Dry weather in Brazil likely to turn farmers cautious on planting second corn crop: sources
The prevailing dry weather conditions in Brazil are likely to make farmers more cautious about planting second crops, especially corn, market sources said.
Brazil is the world’s second-largest corn exporter after the US and most of the corn exported from the country are the second crop, also known as safrinha.
In Brazil, the safrinha crop is planted following the soybean harvest. Soybean planting starts in September, and by March harvesting will be in full swing.
Last year, rains in most parts of Brazil arrived earlier than usual, which led to early planting and harvesting of the oilseed. This allowed farmers to plant corn within the ideal planting window, which is by February 20 in Mato Grosso and March 10 in Parana.
As a result, Brazilian corn production in 2018-19 is estimated at a record 99.98 million mt, up from 80.71 million mt a year earlier, according to national agricultural agency Companhia Nacional de Abastecimento, also known as Conab.

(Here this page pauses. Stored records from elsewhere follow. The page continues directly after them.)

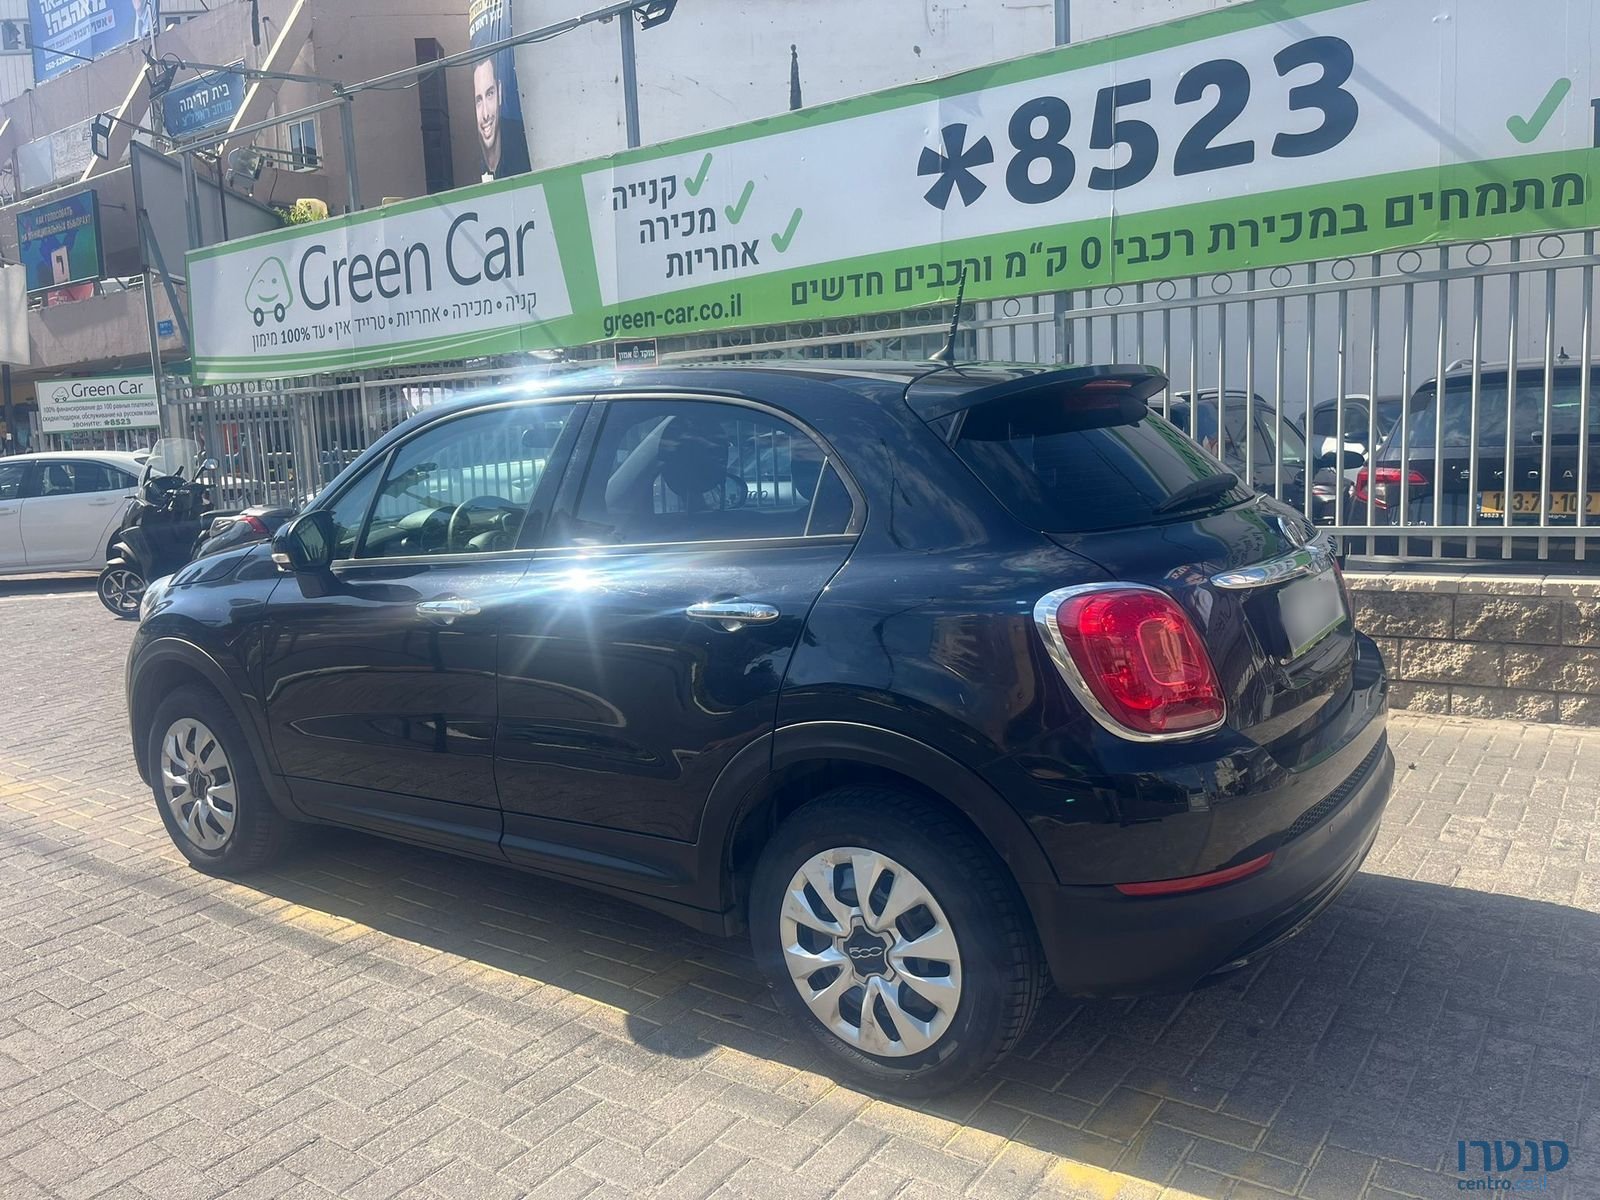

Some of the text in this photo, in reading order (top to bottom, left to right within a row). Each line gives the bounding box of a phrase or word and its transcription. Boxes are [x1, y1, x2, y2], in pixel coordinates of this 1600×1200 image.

[179, 83, 230, 112] בית קדימה
[612, 174, 677, 211] קנייה
[1385, 173, 1585, 228] מתמחים
[639, 207, 716, 244] מכירה
[1207, 202, 1368, 254] במכירת
[299, 211, 535, 311] Green Car
[666, 239, 760, 278] אחריות
[1080, 236, 1101, 270] 0
[1113, 228, 1194, 265] רכבי
[791, 271, 883, 306] חדשים
[895, 255, 992, 292] ורכבים
[251, 293, 538, 352] קניה מכירה אחריות טרייד אין עד 100% מימון
[603, 293, 742, 338] green-car.co.il
[71, 380, 144, 398] Green Car
[849, 946, 883, 959] 500
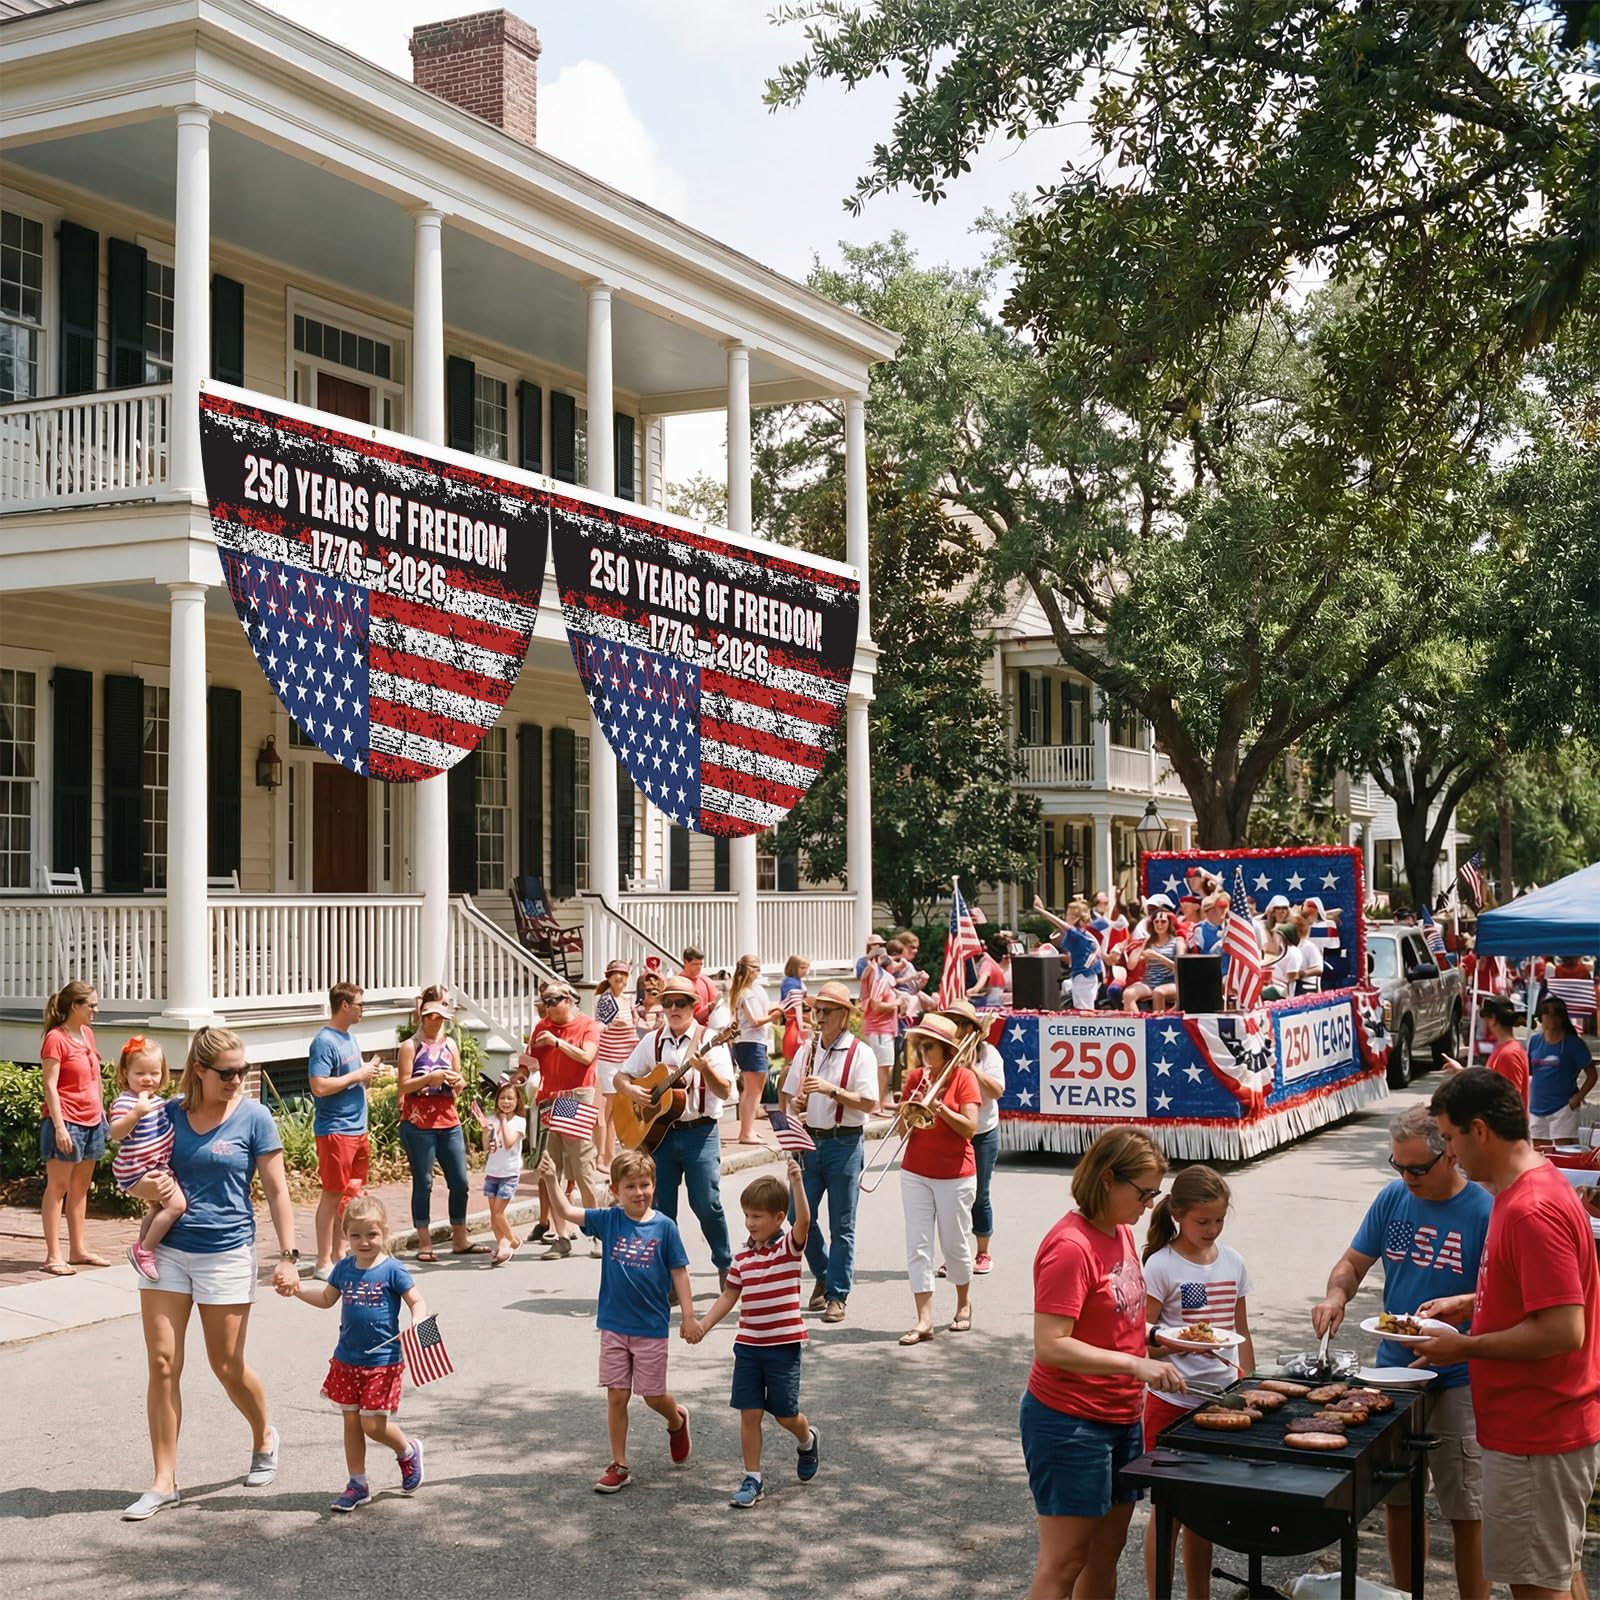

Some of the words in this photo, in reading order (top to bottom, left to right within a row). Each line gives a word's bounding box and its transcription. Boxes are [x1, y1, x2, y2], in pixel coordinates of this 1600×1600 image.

[244, 454, 289, 509] 250
[295, 467, 369, 532] YEARS
[375, 492, 402, 541] OF
[407, 500, 507, 573] FREEDOM
[311, 530, 363, 579] 1776
[387, 551, 446, 602] 2026
[590, 547, 630, 596] 250
[635, 559, 700, 617] YEARS
[705, 581, 730, 624] OF
[734, 588, 823, 653] FREEDOM
[649, 614, 695, 658] 1776
[716, 633, 769, 679] 2026
[1048, 1025, 1136, 1037] CELEBRATING
[1285, 1024, 1310, 1068] 250
[1313, 1014, 1351, 1059] YEARS
[1049, 1041, 1137, 1081] 250
[1049, 1085, 1137, 1108] YEARS
[1385, 1220, 1464, 1275] USA

“The forecast is for at least another three weeks of dry, and even then, the rainfall is expected to be light. The long-range forecast shows good rains only for November.
This is very shocking. Normally, even with a late start, the rains always come in October,” Brazil-based agriculture consultant Kory Melby said.
Increased probability of below-average precipitation is forecast for all four forecast seasons (October-December through January-March) for a major part of “northern and/or northeastern South America,” the International Research Institute for Climate and Society said in its outlook.
RETHINKING PLANTING DECISIONS
A delay in the arrival of rains in Brazil this year could force farmers to rethink their planting strategies, analysts said.
Soybean planting is allowed in mid-September in Mato Grosso and Parana. The first areas planted are usually where farmers need to plant soybean in this period to allow the planting of the second cotton crop, which is their main crop in terms of income, Rabobank’s senior grains and oilseeds analyst Victor Ikeda said.
If soybean planting does not start well into October, then it is possible farmers will focus on cotton and hold back on the soybean area and plant cotton as a single crop in December and early January, Melby said.
“This would then cut back on the planted soybean area and 2nd crop corn by default,” Melby said.
Past data from Conab indicates that farmers generally tend to reduce investments in the second corn crop if it is planted in less than ideal conditions.
“Some farmers might stick with a long soybean season of 120 days and better yielding and then forget about a [second] crop on some fields,” Melby said. “Less risk and higher return on investment.”
CLOSE EYE ON WEATHER
While the current dry spell and weather forecast for Brazil have caused some alarm, a lot will depend upon the actual rains in October and November.
The key months to be analyzed in terms of weather conditions and planting developments are October and November. When most of the fields in Brazil are planted during this period, there are fewer risks in terms of rainfall volumes to crop development later.
If the pace of soybean planting in October-November is normal, Brazilian farmers will not have problems planting corn as a second crop at the beginning of next year, Rabobank’s Ikeda said.
Moreover, in the event of favorable rains by October, farmers can use shorter maturing soybeans to compensate for the lack of time and get corn in the ground in a timely manner, Melby said.
Unlike last year, the outlook on second corn production in Brazil looks less clear so far.
“For corn, I am expecting acreage to reach 18.6 million hectares (summer + safrinha). It means almost 1 million hectares of growth,” Ikeda said.
The US Department of Agriculture in its September forecast projects Brazilian corn production for 2019-20 at 101 million mt.